The Norman rulers of Southern Italy developed a feudal-type system which established a great distance between rulers and the great mass of struggling peasants. In contrast, a radically different system of city states sprang up in Northern Italy, where large numbers of people held political offices and where private groups such as guilds became common.
“Beyond the guilds, local organisations, such as vicinanze (neighbourhood associations), the populus (parish organisations that administered the goods of the local church and elected its priest), confraternities (religious societies for mutual assistance), politico-religious parties bound together by solemn oath-takings, and consorterie (“tower societies”) formed to provide mutual security, were dominant in local affairs,” Putnam writes.
And once again, the visual representation of this regional contrast on a map of medieval Italy bears a striking resemblance to a modern map based on social capital, with the communal republics overlapping with the civically engaged regions and the ‘Kingdom of Sicily’ occupying much of the South.
What is perhaps most surprising of all was Putnam’s assessment of the role of the Church in modern Italy, and this is worth reflecting upon when considering what role Catholics should play in the world around them.
As with all other types of association, there was a clear geographic divide in the “Social Catholicism” movement which came into being in the late 19th century.

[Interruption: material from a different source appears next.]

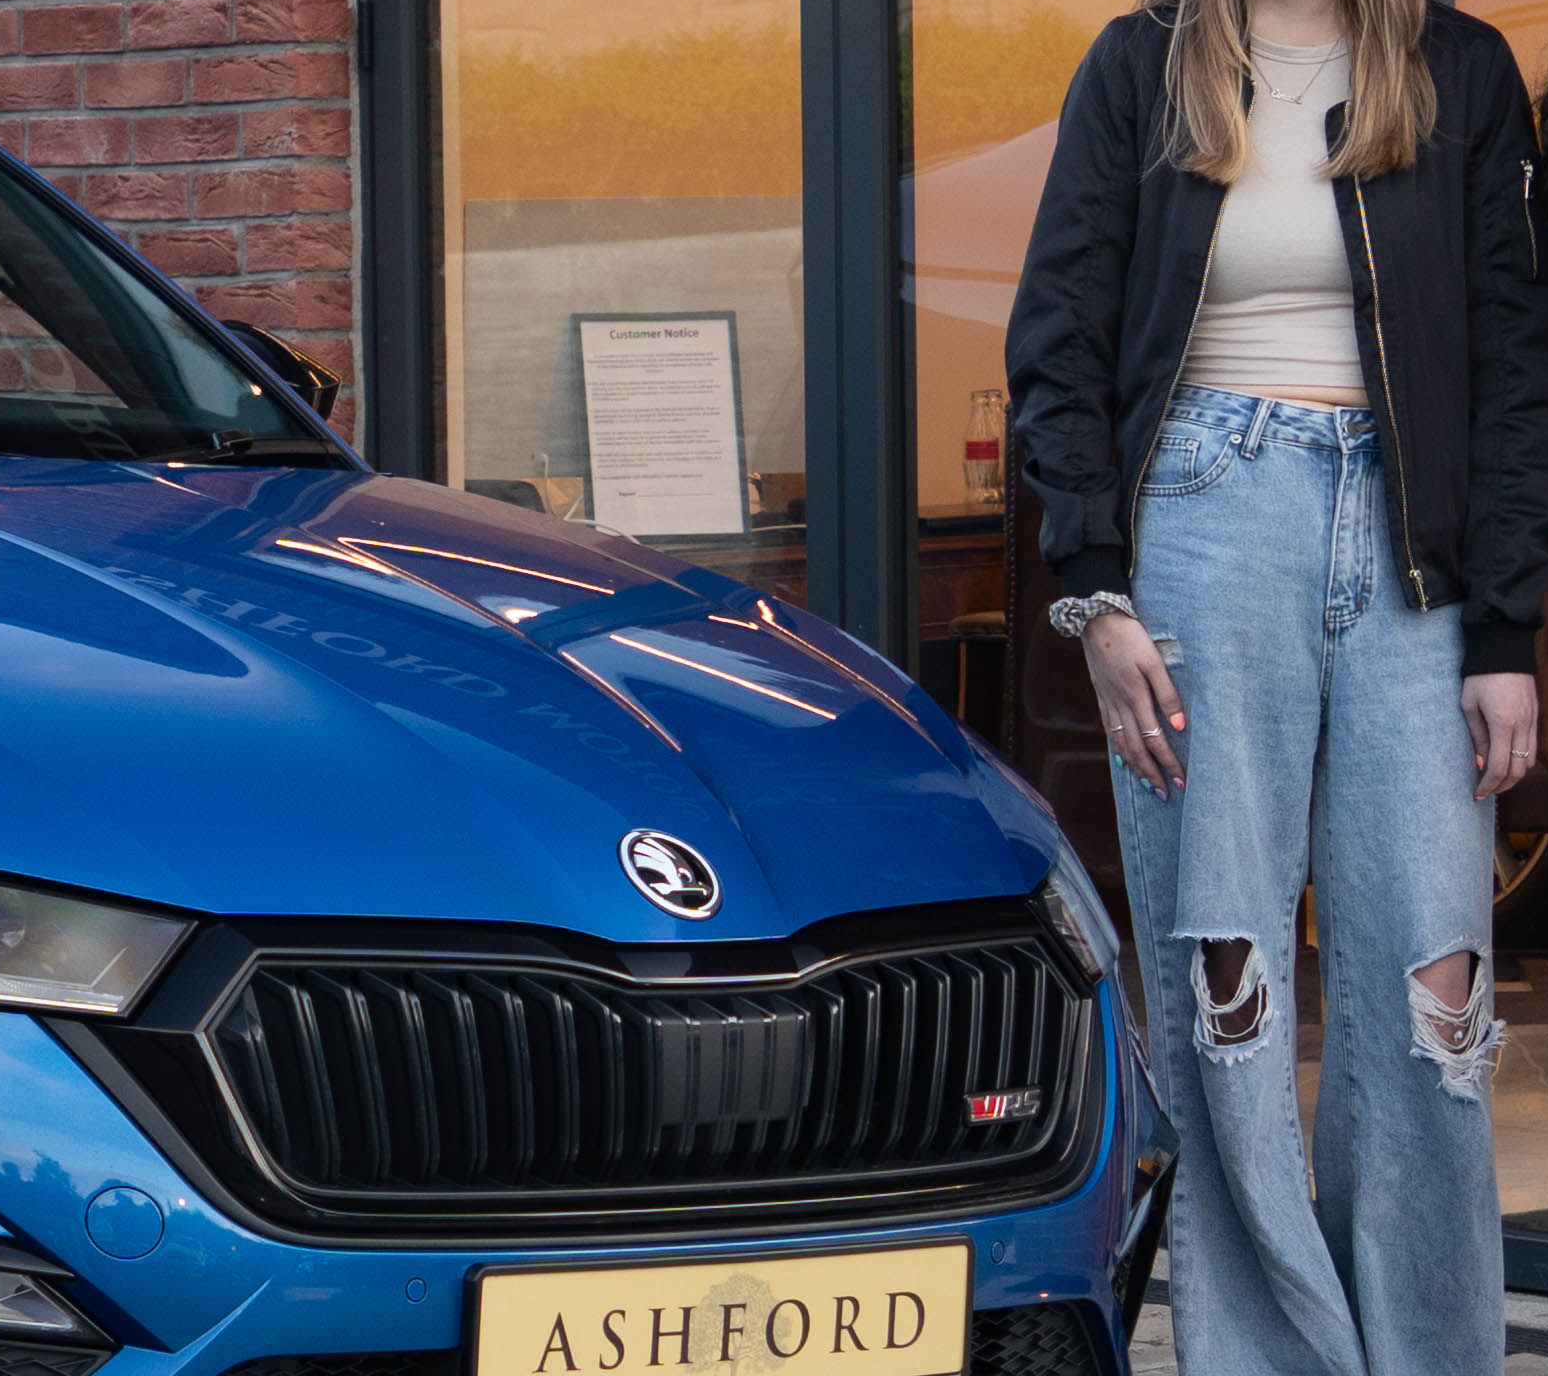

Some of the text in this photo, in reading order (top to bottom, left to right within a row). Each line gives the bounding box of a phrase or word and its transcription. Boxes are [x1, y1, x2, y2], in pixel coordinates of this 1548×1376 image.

Putnam describes how the most influential lay organisation had 993 parish committees in the North of Italy in 1883-1884, 263 in Central Italy and just 57 in the South; which was no less Catholic in terms of religious affiliation.

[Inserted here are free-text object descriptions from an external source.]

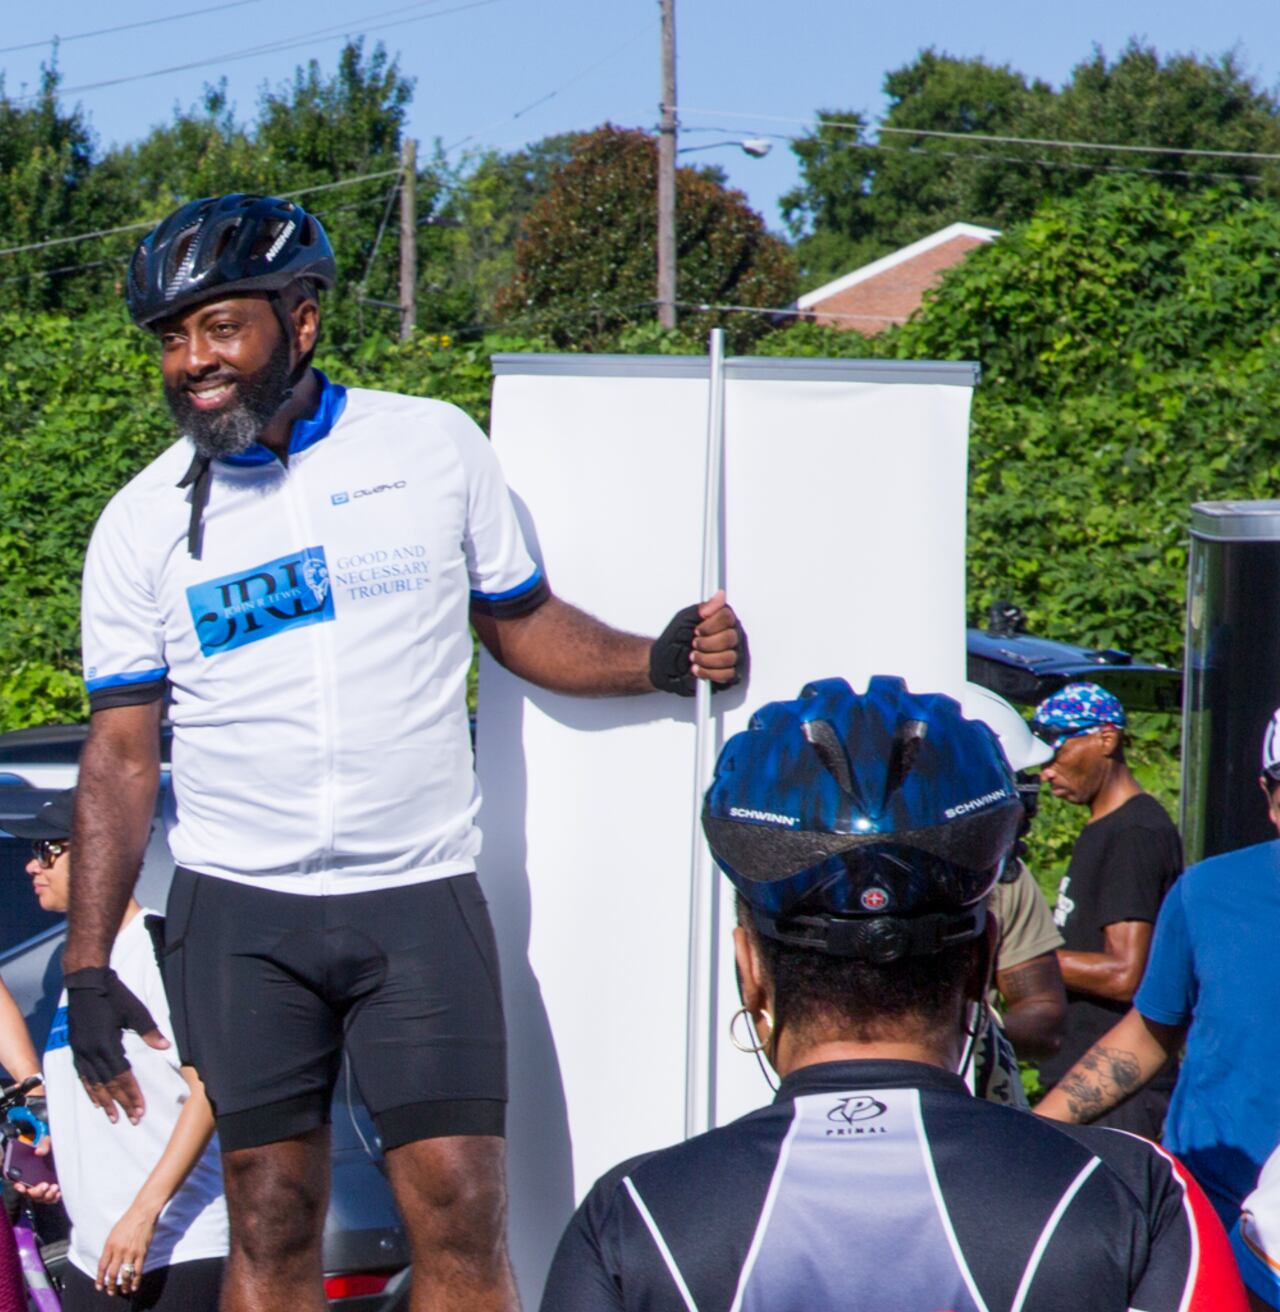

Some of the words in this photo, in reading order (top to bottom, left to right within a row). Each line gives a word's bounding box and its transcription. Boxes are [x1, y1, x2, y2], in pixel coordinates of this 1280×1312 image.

[336, 549, 388, 570] GOOD
[392, 544, 427, 561] AND
[335, 560, 431, 587] NECESSARY
[729, 807, 794, 826] SCHWINN
[944, 789, 1006, 820] SCHWINN
[825, 1125, 888, 1137] PRIMAL

But the problem of Catholic inaction was more serious than that according to Putnam and his colleagues. Catholicism in Italy constituted “an alternative to the civic community, not a part of it,” and the researchers that manifestations of religion such as Mass attendance were negatively correlated with civic engagement-- over half of regular Mass-goers said they rarely read a newspaper and that they never discussed politics, leaving Putnam to observe that Italian churchgoers “seem more concerned about the city of God than the city of man”.
There is a sharp contrast between Putnam’s oft-repeated assessment that religious communities play a crucial role in promoting social solidarity in the United States and this assessment. He speculates that the situation in Catholic Italy could perhaps be a legacy of the Vatican’s Non Expedit policy which discouraged Catholics from becoming involved in political life in the newly-unified Italy.
Putnam has curiously little to say about well-known groups such as Communion and Liberation or Focolare, which likely inspire many Italians to play a deeper role in their communities and his view of Catholicism’s influence on political attitudes seems overstated: he certainly appears to overlook the importance of Catholicism’s social teaching in shaping the Christian Democratic movement which played a major role in “making democracy work” in Italy from the 1940s onwards.
What is abundantly clear from this book is the enormous importance of civil society in helping to make democratic institutions function, and the responsibility of each individual to play his part in fostering social connections.
Just as Putnam’s book remains an essential read almost 30 years after its publication, the ongoing problems faced by the South of Italy continue to stand as a warning to anyone tempted to disengage from the world around them, for that disengagement can have wide-ranging and long-lasting consequences.